Fine and dandy, but consider this:

"Two weeks ago, the scientific journal PLoS Medicine published a study 
that sought to define the relationship between economic growth and the 
pervasive problem of undernourished Indian children.  In India, 25-50% 
of the deaths of children between 6 months and 5 years old are due to 
inadequate food intake.  This slow, sustained starvation causes stunted 
growth and puts children at greater risk for infection and disease.

"The primary policy tool to combat chronic childhood undernutrition has 
been economic development, but despite two decades of booming growth, 
the average calorie intake in India has actually declined.  Indeed, the 
authors found that there was no link between economic growth and 
childhood undernutrition; stagnant or thriving, the status of a state’s 
economy had no effect on its number of underweight children." [1]

You posit the problem as one of increasing demand, especially in Mumbai 
and elsewhere across the developing world.  My feeling is that the real 
problem is not one of scarce resources unable to meet demand, the 
problem is inadequate management and distribution of existing resources. 
  We know -- we have known for decades -- that our environment is 
capable of producing more than enough food for every human being alive, 
yet people still starve, even in a country like India that has seen so 
much economic growth.  We already have the technology to feed everybody, 
we have the resources, we don't need to invent, develop, expand or code 
anything.  What we lack is the will to make it happen.

I have to wonder what makes you so sure "They Will Get Energy" when they 
can't even get enough food, despite the existence of abundant supplies.

> We, who have the leisure to sit on our butts and think
> about stuff, should be thinking hard about developing more
> clean and cheap tehchnology options for them.  Otherwise,
> they will copy what is cheap and available and proven -
> fossil fuels and hydro dams.
>
> On a corner of my whiteboard is my goal for the world:
> 10 billion people, 10 kilowatts each, for 1 million years.

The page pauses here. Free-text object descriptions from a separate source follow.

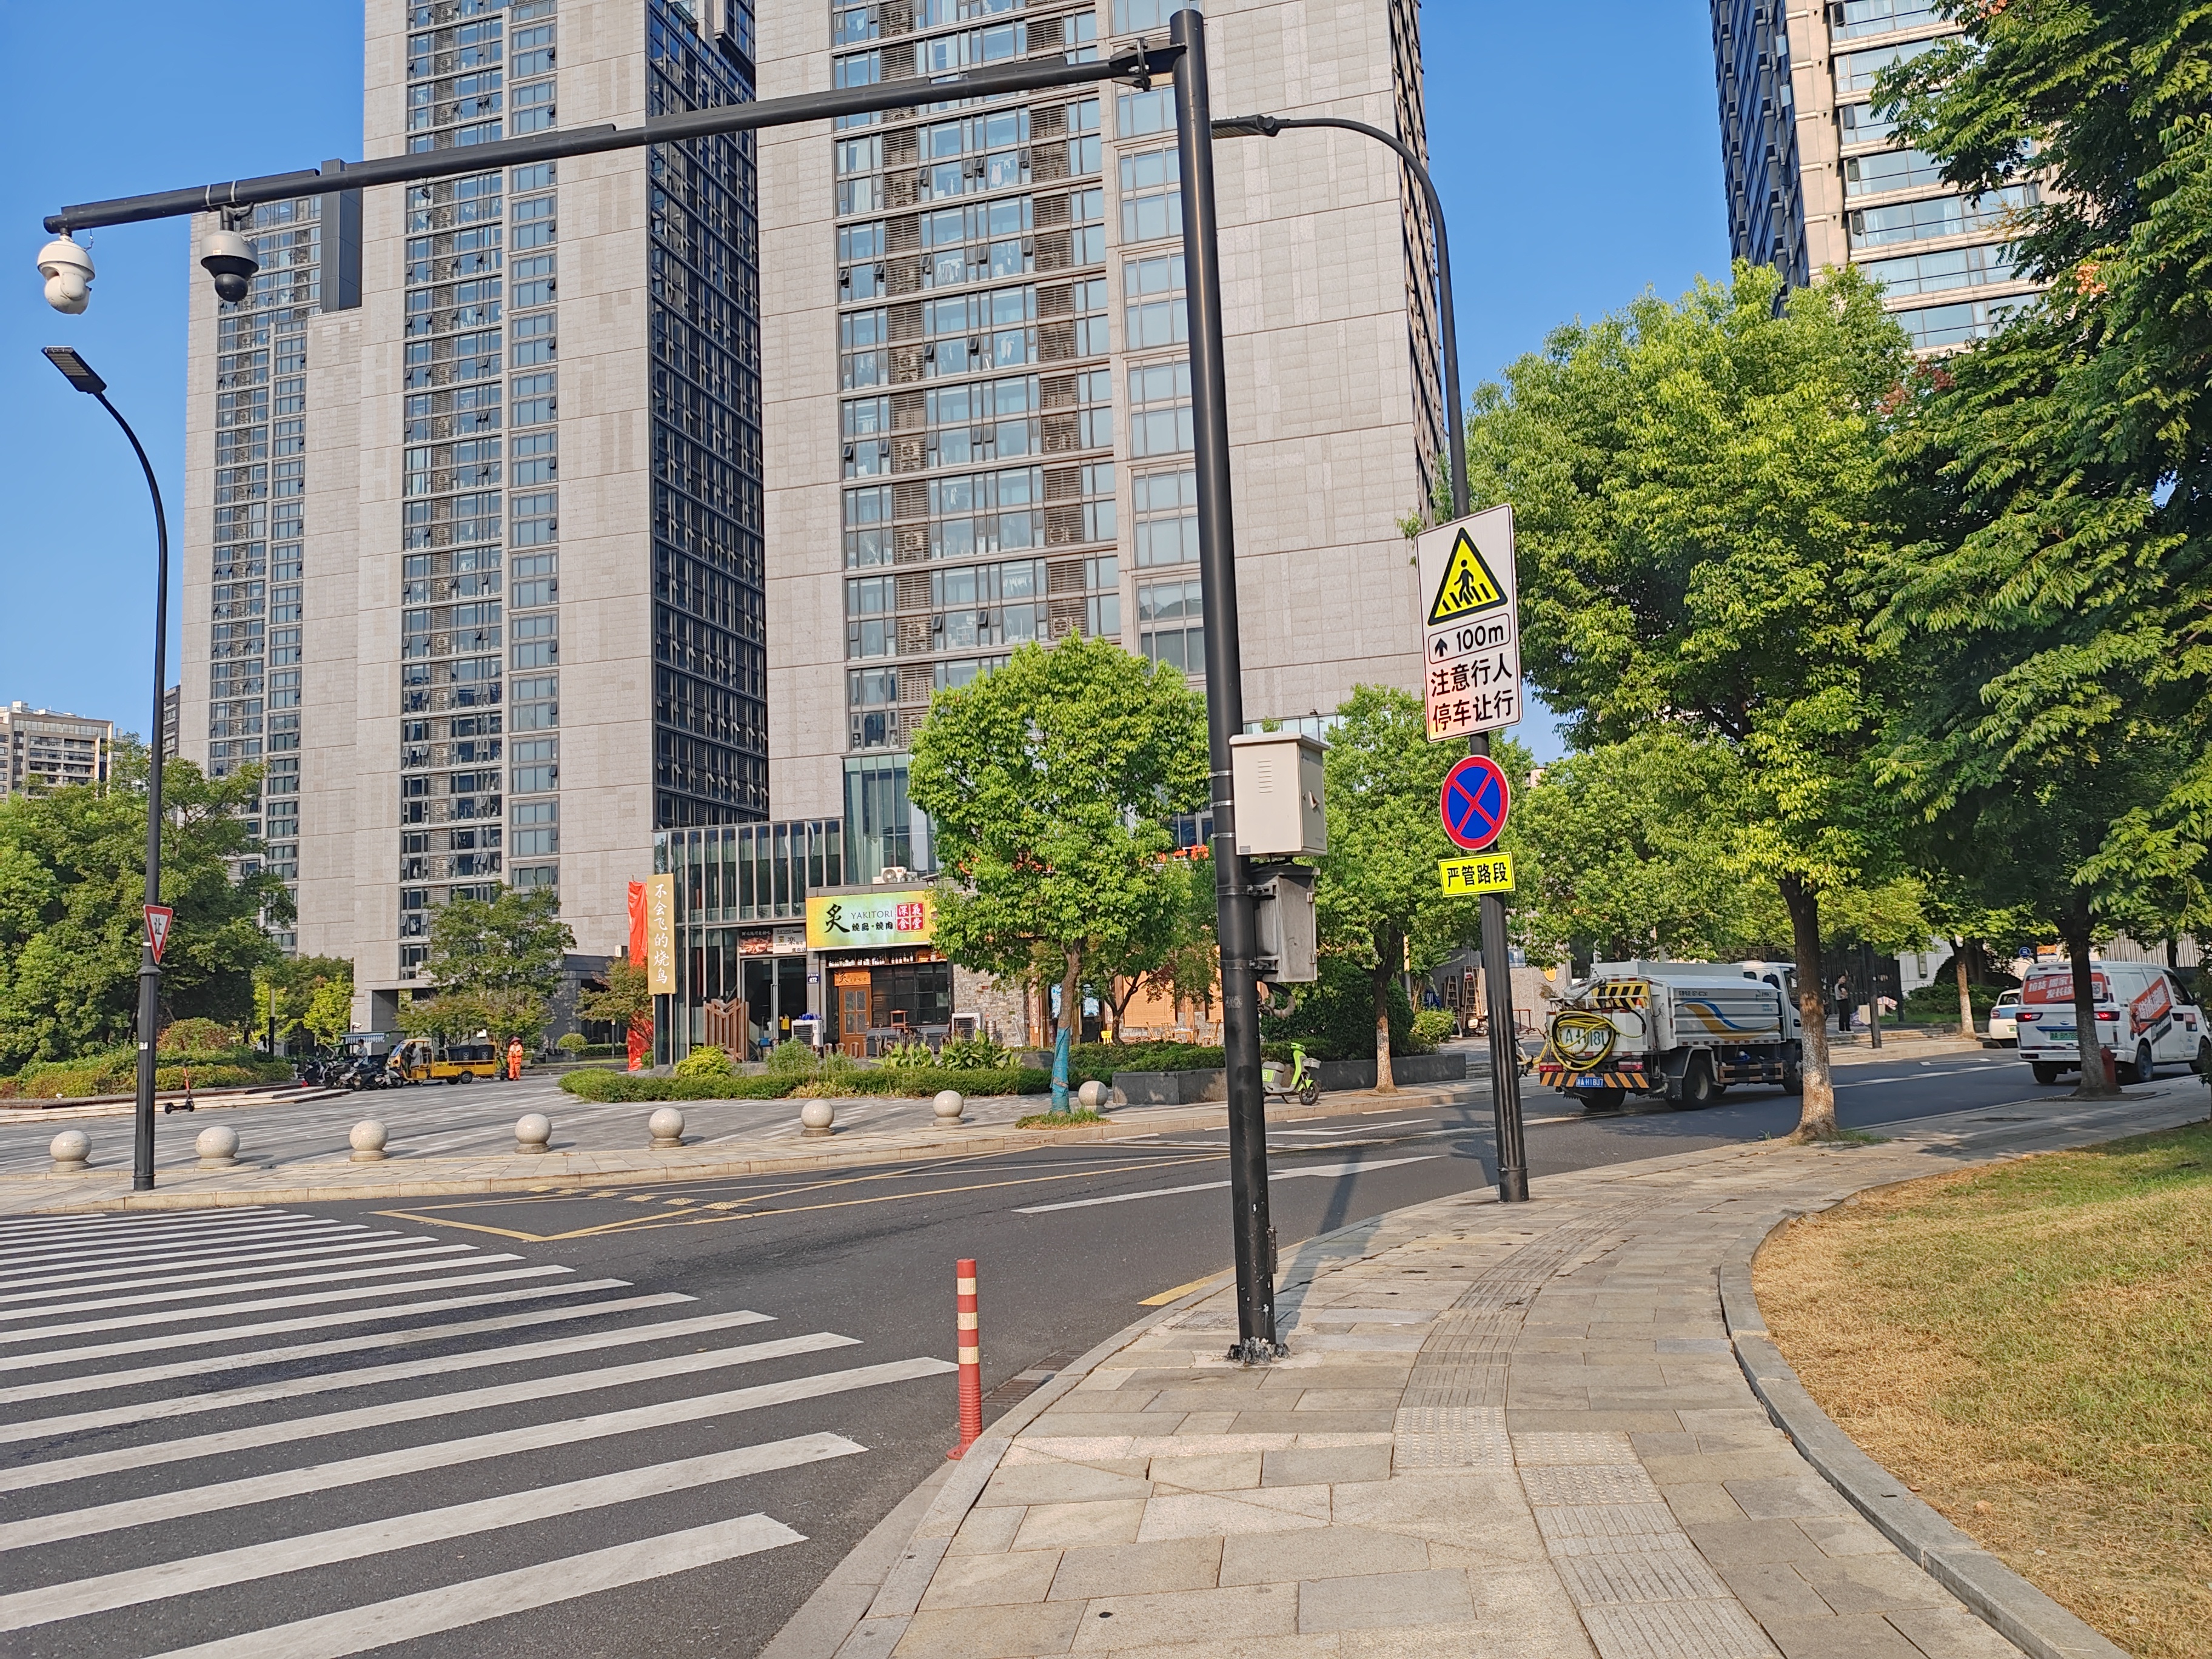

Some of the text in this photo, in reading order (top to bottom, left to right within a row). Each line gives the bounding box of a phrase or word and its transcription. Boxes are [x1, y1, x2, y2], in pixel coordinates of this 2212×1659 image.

[1455, 625, 1504, 652] 100m
[1430, 652, 1513, 697] 注意行人
[1432, 689, 1513, 733] 停车让行
[1446, 861, 1509, 888] 严管路段
[153, 917, 163, 935] 让
[823, 903, 851, 933] 炙
[851, 910, 893, 920] YAKITORI
[653, 883, 669, 984] 不会飞的烧鸟

Based on current and historical behavior, I would guess it's likelier 
that roughly 1 billion of those people in the U.S. or whatever country 
or region ascends to superpower status in the centuries ahead will soak 
up far more than 10 kilowatts each, leaving whatever is left over for 
the other 9 billion in the rest of the world.  Our (and by that I mean 
human beings) appetites seem far greater than our capacity for (or our 
interest in) devising systems that meet everyone's basic needs.  Despite 
our moms' exhortations to clean our plates because there are starving 
children in Africa, in this country we still throw away enough food 
every day to feed those children for months, to say nothing of the food 
our government pays farmers not to produce.  What makes you think we, or 
someone like us, won't do the same with energy, especially since we are 
already doing that here and now?  As a species, we excel at finding new 
and creative ways to consume.  Throw a new resource our  way, and we'll 
figure out how to let 10%-20% of our numbers enjoy and exploit it with 
abandon, parcelling out dribs and drabs to everyone else, setting 
artificial limits on it when necessary to preserve the illusion of 
scarcity.  Drill a new oil well, and we'll build a new suburb farther 
out so you can buy a bigger house and a bigger SUV equipped with the 
latest gadgets for you to enjoy on your longer commute on the new 
highway we built, while another kid in Mumbai dies from malnutrition, 
while thousands of kids in our own region live in poverty.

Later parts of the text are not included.